Another was originally written in Japanese and it's obvious that this version is a translation. There are riddles that lack the natural flow of language, since I'm sure that there are some words/meanings in Japanese that don't exist in English. I felt as if I was reading a water-down version of a masterpiece. That said, this must be one of the creepiest novels I have ever read. It has the aura of an old-school Hitchcock psychological horror blended with a modern Japanese horror such as Runju, which I had to DNF cause it freaked me out so much. There's a rawness to the story that makes me believe that a child dictated to the writer rather than the writer inventing it.
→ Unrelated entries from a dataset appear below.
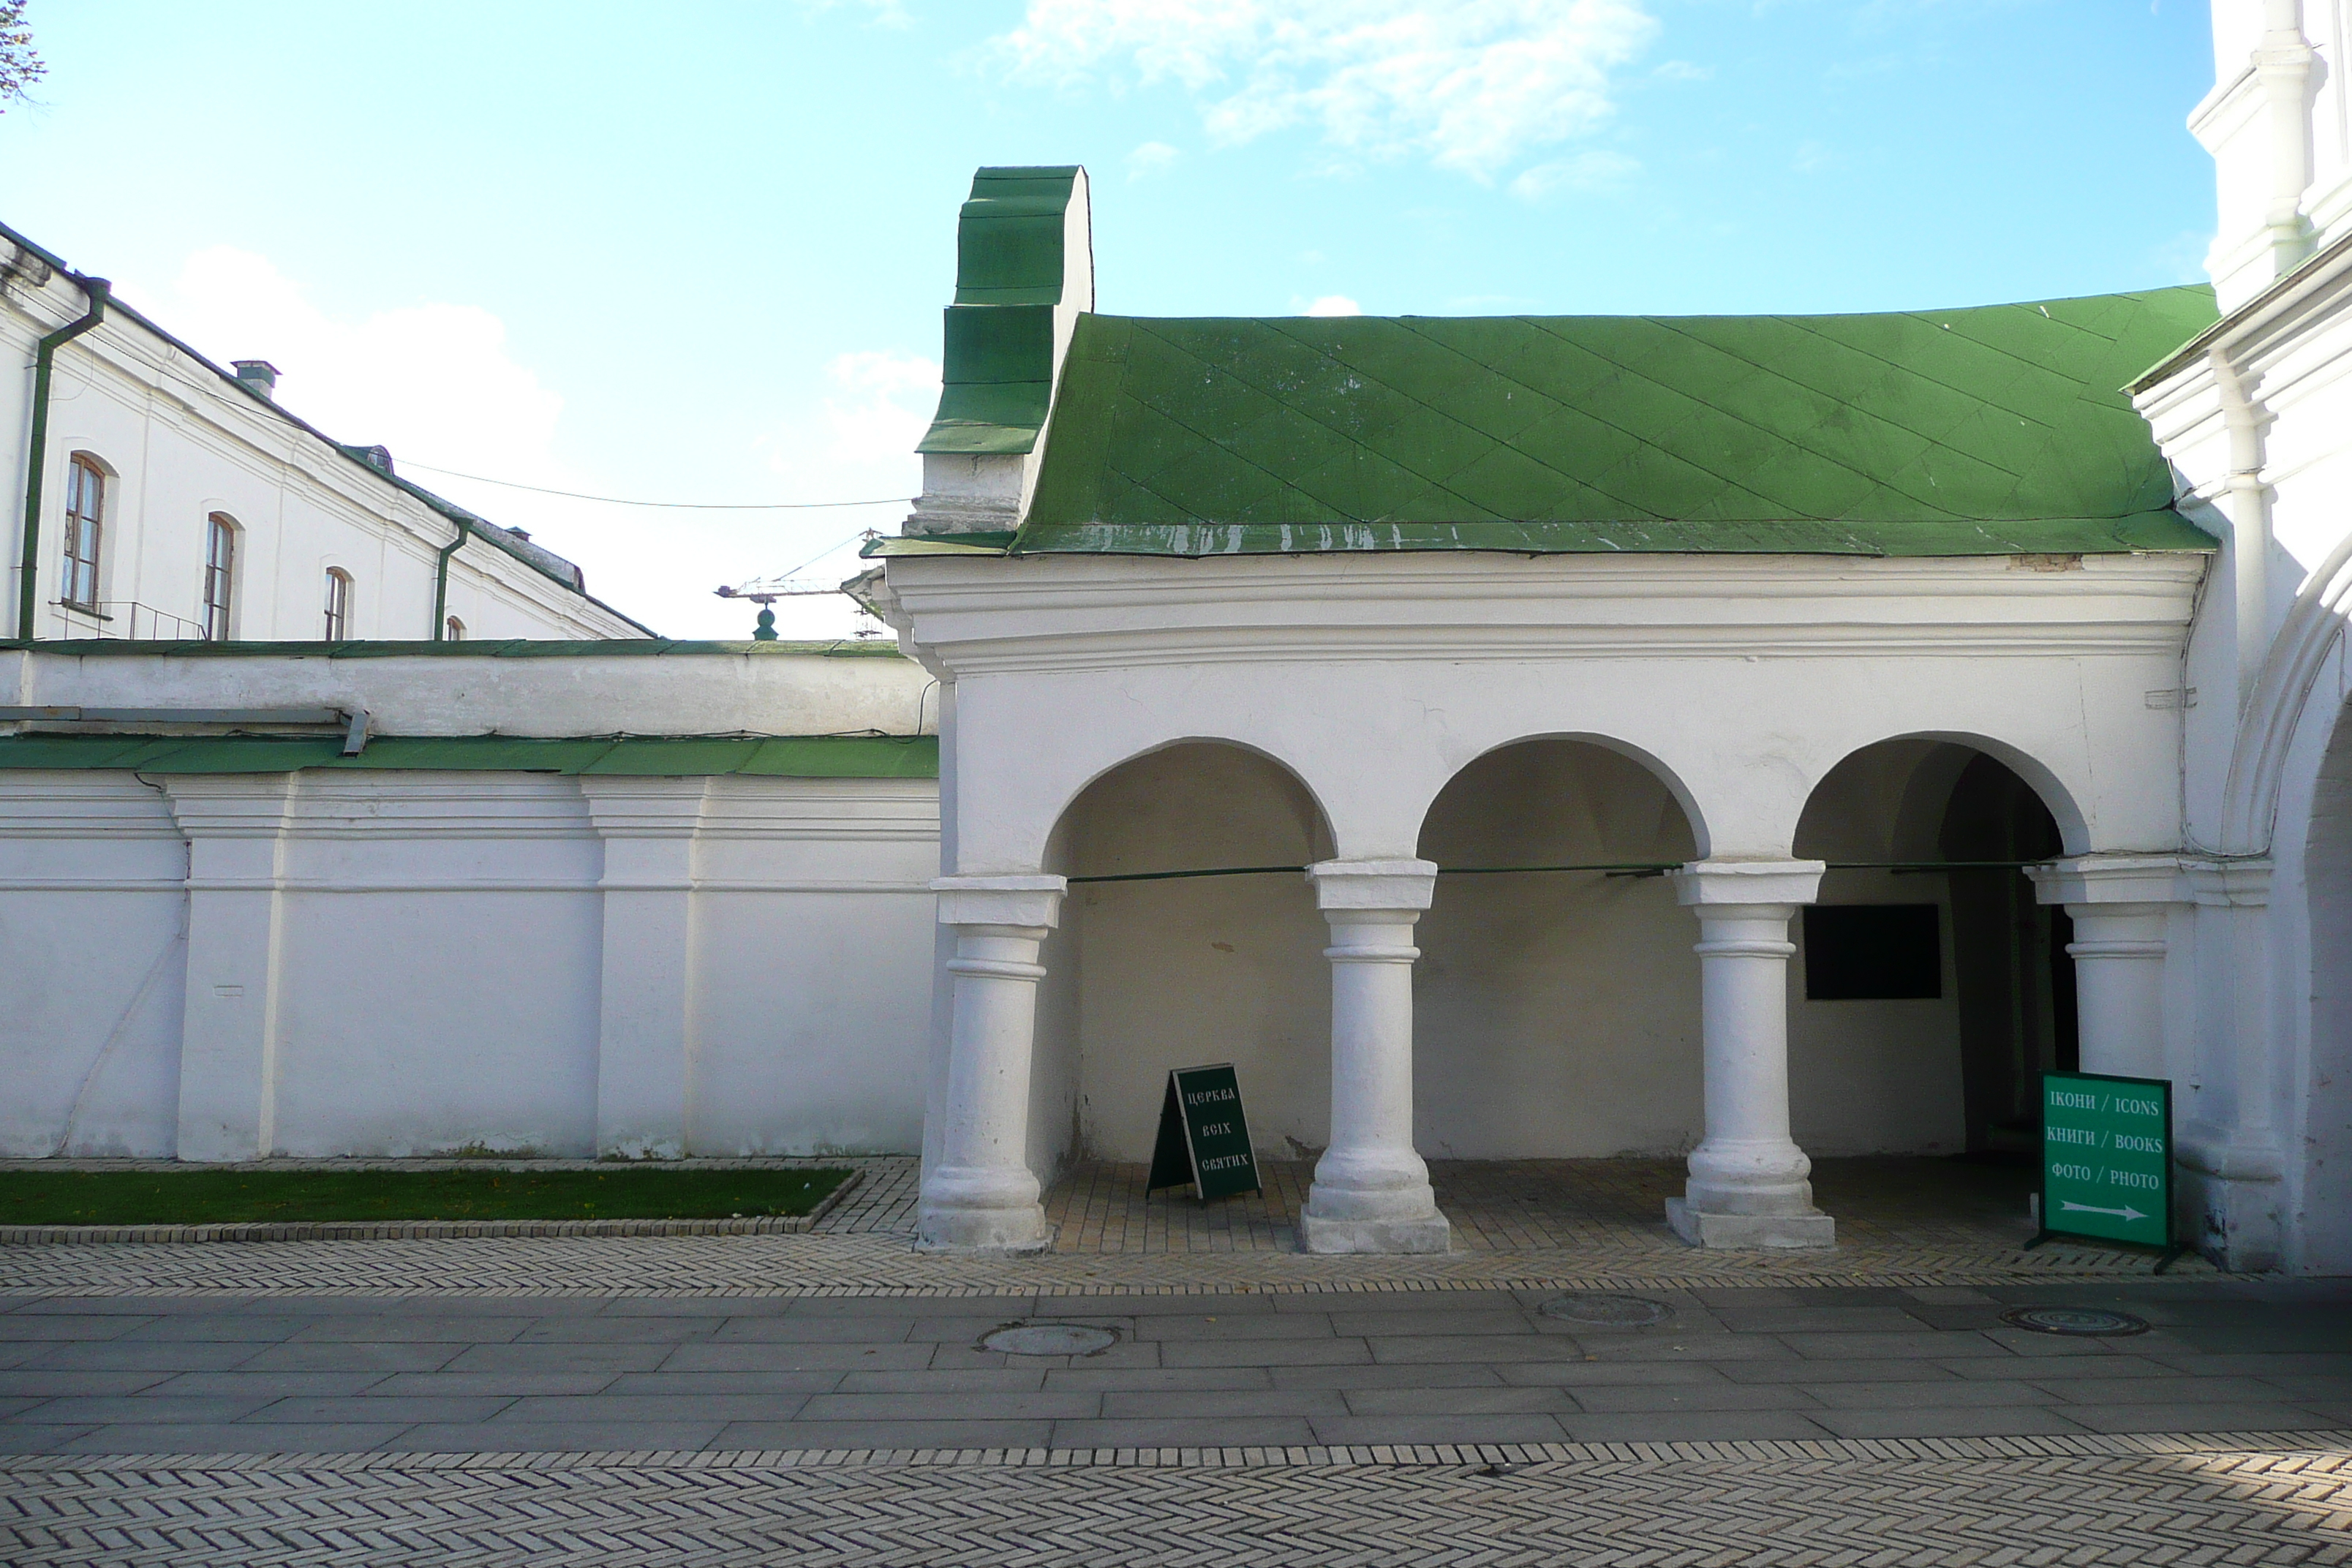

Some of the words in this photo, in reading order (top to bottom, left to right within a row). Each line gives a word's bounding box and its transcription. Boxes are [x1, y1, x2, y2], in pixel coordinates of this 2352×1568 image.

[2050, 1091, 2095, 1109] ІКОНИ
[2115, 1098, 2159, 1116] ICONS
[1202, 1122, 1232, 1137] ВСІХ
[2047, 1126, 2095, 1145] КНИГИ
[2115, 1135, 2163, 1153] BOOKS
[1202, 1153, 1248, 1172] СВЯТИХ
[2051, 1163, 2091, 1180] ФОТО
[2110, 1170, 2159, 1190] PHOTO
There are some instances that felt put in for 'shock' value that didn't do anything for me. I think it was because Sakakibara was so emotionally distant from the other characters that it was difficult to get attached to them before they died.
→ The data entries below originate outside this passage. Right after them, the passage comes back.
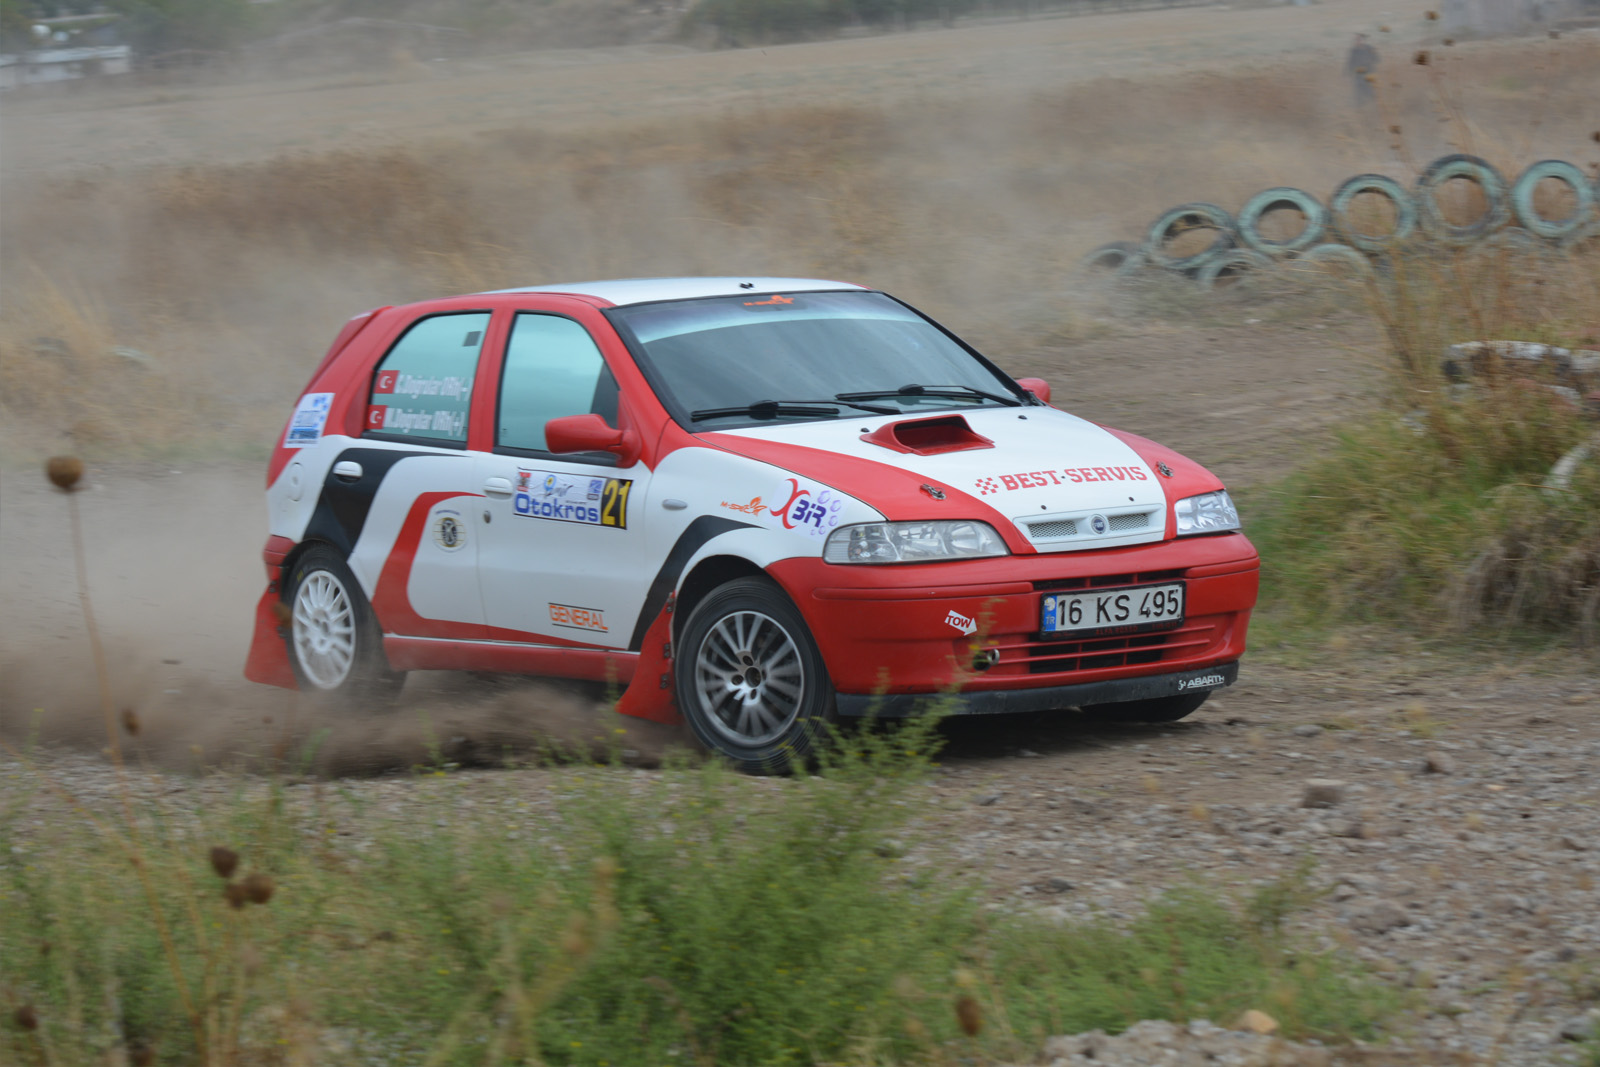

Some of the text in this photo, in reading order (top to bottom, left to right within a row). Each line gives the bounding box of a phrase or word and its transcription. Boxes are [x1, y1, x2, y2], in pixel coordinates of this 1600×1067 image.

[999, 466, 1148, 491] BEST SERVIS
[515, 493, 599, 522] Otokros
[602, 479, 631, 527] 21
[549, 604, 609, 630] GENERAL
[1058, 588, 1179, 626] 16 KS 495
[946, 614, 972, 629] TOW
[1187, 675, 1225, 687] ABARTH
The narrator's purpose isn't clear and first and by the end there are still many unanswered questions. I do think that some of the information presented in the narrative could have been left out, as it is re-explained in Sakakibara's POV. Of course there are other things present in the narrative that without being mentioned would make what happens to Sakakibara seem much less spooky. I do like the blend of the two. I feel that they both were definitely needed to tell this story.
There is a few things that happen in this book that remind me that I'm dealing with a different culture. I wish there was even more emphasis on the culture because I found it nearly as fascinated as the storyline.
Even though this is a series, I felt that the ending was completely satisfactory as a standalone. I'll probably read the next installment when it is translated. (B+)
(I received a copy of this book from the publisher/Netgalley in exchange for my honest review.)